A clerk at the Cook County state's attorney's office, Kiwara-Wilson has permanent resident status in the U.S. and said she hopes to be hired as a prosecutor, although she said she knows there are many applicants.
"When I got exposed to criminal law, I ended up thinking it was very fascinating," she said.
"I plan to practice criminal law after graduation," she said. "I don't think it is a departure from my cultural heritage interests. In my opinion, some of the most interesting cases in the cultural heritage field are criminal cases."
"A lot of students don't do them because it takes time," Chamberlain said. But Chamberlain said if they have to write a paper for a class, "they might as well go the extra mile and, on a break, work with a professor on a contest entry."
If a student wins, "it does show they go above and beyond," Chamberlain said, and shows that they can be passionate about their work, which can impress a potential employer.
Kiwara-Wilson's paper is a study of what is known as the British Punitive Expedition of 1897 in the Kingdom of Benin in West Africa, which is today part of Nigeria.
The British stole by rough estimate "maybe a thousand" works of art from the royal family of Benin, she said, including works in bronze, ivory and brass.
She said Britain later auctioned off much of the art to other countries to help pay the cost of the expedition. Today, those works are in "many museums in Europe and in the states," she said.
Locally, the Art Institute of Chicago has some, Kiwara-Wilson said. The Field Museum also has some of the Benin art works. The Field Museum "actually does a good job of explaining that there was a Benin punitive expedition" and how the art works came to the Field, she said.
"Other museums for the most part say, 'from the collection of so and so.'"
The origin of the British expedition, Kiwara-Wilson said, is that "the British decided to go to see the king. The king told them not to come," that the time was wrong for religious reasons. The British sent a delegation in 1897 anyway and it was attacked.
Ten out of the 12 British members of the delegation were killed as were most of the 200 African couriers who accompanied them, she said.
The second expedition, called the Punitive Expedition, followed in the same year "to get revenge and as an excuse to take over the kingdom," Kiwara-Wilson said.

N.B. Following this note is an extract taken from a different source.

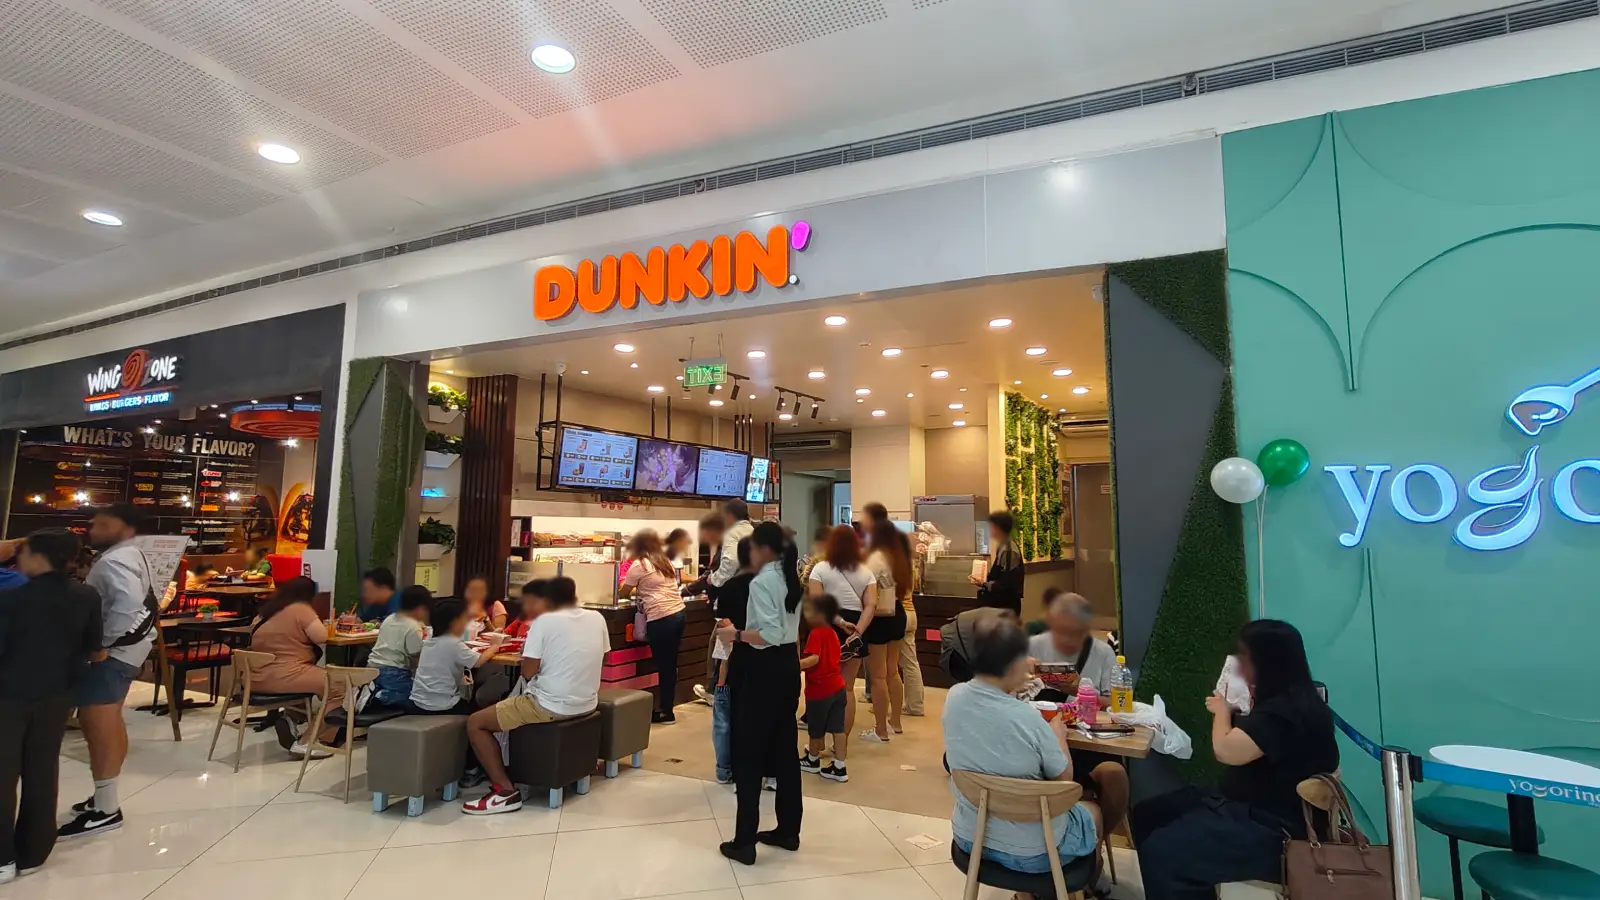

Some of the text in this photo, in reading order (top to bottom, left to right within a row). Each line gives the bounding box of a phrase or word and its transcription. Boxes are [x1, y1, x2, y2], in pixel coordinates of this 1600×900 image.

[533, 220, 812, 321] DUNKIN'
[87, 355, 178, 395] WING ZONE
[144, 392, 170, 404] FLAVOR
[63, 425, 256, 457] WHAT'S YOUR FLAVOR?

A 2003 story in the British newspaper The Guardian said the British "set fire to the queen mother's house and those of several chiefs; the fire spread uncontrollably and destroyed a large part of the city. The royal palace was also burnt, although we claimed this was accidental. The royal palace of Benin was one of the great cultural complexes of Africa."

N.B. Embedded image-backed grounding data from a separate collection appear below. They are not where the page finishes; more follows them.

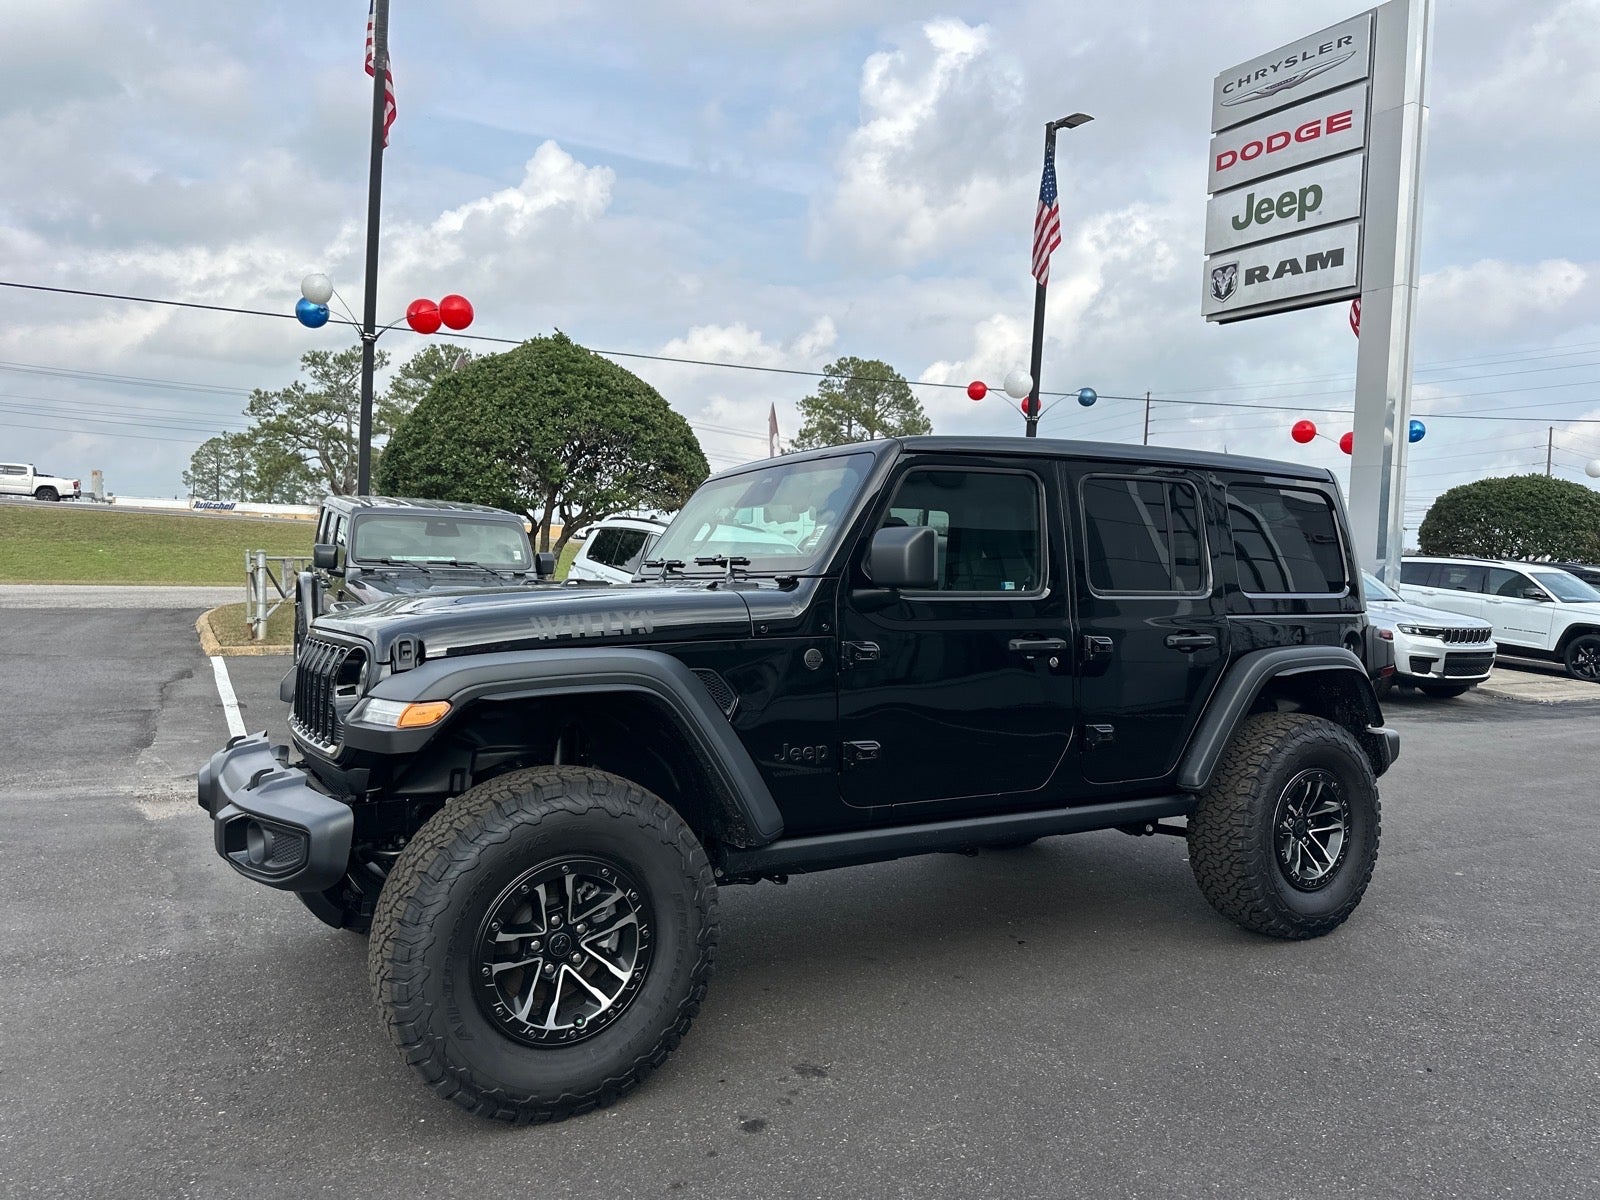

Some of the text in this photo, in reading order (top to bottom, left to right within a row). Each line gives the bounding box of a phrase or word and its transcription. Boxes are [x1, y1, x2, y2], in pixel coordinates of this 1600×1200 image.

[1222, 35, 1353, 94] CHRYSLER
[1216, 110, 1353, 172] DODGE
[1232, 184, 1323, 230] Jeep
[1245, 247, 1345, 286] RAM
[530, 610, 655, 640] WILLYS
[774, 743, 828, 764] Jeep

The stolen art works "show Benin court life, images of the king," the queen mother, "Portuguese soldiers the kingdom came into contact with before the British came" and animals.

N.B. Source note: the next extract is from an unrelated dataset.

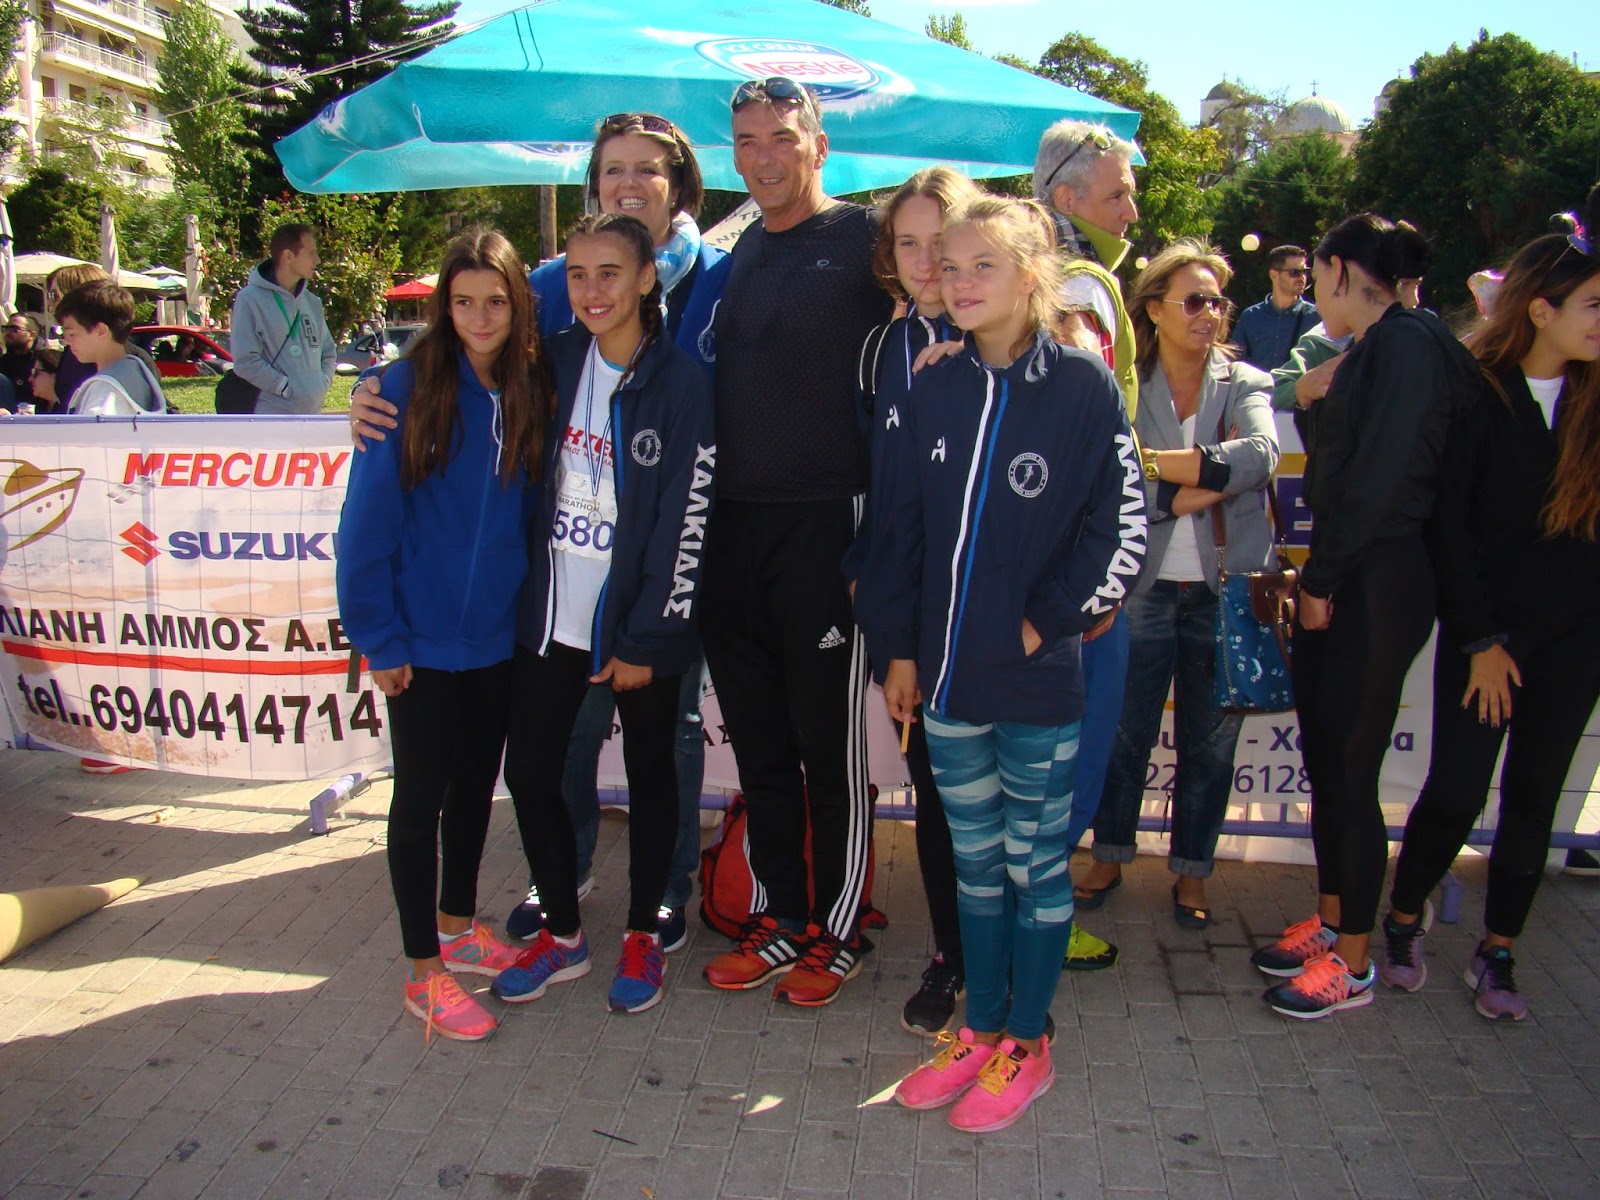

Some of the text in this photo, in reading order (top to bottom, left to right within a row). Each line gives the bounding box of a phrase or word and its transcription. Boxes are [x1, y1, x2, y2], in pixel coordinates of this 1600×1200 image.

"Lots of leopards," Kiwara-Wilson said.
She said she chose this subject because "it's such a big injustice to the Benin people." She has seen some of the art in the British Museum in London and in the Field Museum in Chicago. The Benin works are "pretty obvious, mainly because of the style. It's very distinct," she said.
"Most Nigerian people won't be able to go to Paris or Chicago" to see these works, she said.
She concluded in her study that lawsuits for restitution of the works to Nigeria probably would not work.
"If most museums feel they have a valid and clear title, they don't have any incentive to sit down with the Nigerian government and make a deal," she said.
Instead, she argued in her paper that "the colonial treatment of African people was similar to the Nazi treatment of Jewish people during the Holocaust. Because of these similarities, the principles that justify the restitution of Nazi-looted art may similarly justify the restitution of cultural property to former colonized states."
Kiwara-Wilson learned English in Kenya.
"In Kenya, you pretty much go to school in English," she said.
She is a painter and came to the U.S. first in 2004 for an artist in residence program at the University of Kentucky.
She stayed here to get an undergraduate degree in French and art history from Berea College in Berea, Ky.
There she did part of the research that led to her paper. She also had a fellowship in 2009 to study cultural heritage practices in Africa and Asia.
In Kenya, she said her father is a retired police administrator and her mother is a professor who teaches "entrepreneurship and business."